Required action: Start at the line holding "this 1920×1078 image.". Write out that line and each one after it to the end of the data, unchanged.

Segment Open

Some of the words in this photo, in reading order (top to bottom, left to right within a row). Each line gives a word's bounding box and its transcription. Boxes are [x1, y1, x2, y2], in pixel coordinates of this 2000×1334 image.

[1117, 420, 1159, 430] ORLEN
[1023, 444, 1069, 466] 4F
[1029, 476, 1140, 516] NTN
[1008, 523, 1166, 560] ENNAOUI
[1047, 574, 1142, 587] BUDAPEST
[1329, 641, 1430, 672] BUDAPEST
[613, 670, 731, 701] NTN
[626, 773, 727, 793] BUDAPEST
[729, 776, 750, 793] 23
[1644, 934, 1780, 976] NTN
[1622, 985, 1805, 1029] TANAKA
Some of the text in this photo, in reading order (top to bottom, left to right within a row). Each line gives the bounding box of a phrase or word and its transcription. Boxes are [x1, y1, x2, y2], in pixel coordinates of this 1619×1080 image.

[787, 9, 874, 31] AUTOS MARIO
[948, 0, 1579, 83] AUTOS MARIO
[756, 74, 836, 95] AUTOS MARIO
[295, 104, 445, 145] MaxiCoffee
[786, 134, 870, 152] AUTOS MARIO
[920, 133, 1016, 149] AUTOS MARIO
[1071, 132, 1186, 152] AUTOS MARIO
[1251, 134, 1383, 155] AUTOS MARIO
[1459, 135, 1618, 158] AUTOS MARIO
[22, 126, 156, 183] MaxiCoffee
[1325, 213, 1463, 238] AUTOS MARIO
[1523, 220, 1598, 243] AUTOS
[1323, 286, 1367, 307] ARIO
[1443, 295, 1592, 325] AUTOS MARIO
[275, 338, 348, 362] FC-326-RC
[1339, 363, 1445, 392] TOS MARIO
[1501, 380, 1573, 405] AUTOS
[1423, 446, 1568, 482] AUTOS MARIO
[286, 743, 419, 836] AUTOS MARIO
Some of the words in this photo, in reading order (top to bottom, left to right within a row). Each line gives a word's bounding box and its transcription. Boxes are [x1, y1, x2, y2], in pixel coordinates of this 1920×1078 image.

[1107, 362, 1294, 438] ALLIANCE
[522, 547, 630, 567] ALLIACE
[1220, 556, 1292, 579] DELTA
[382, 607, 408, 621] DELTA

Segment Closed

Output:
Some of the words in this photo, in reading order (top to bottom, left to right within a row). Each line gives a word's bounding box and its transcription. Boxes are [x1, y1, x2, y2], in pixel coordinates of this 1920×1078 image.

[1107, 362, 1294, 438] ALLIANCE
[522, 547, 630, 567] ALLIACE
[1220, 556, 1292, 579] DELTA
[382, 607, 408, 621] DELTA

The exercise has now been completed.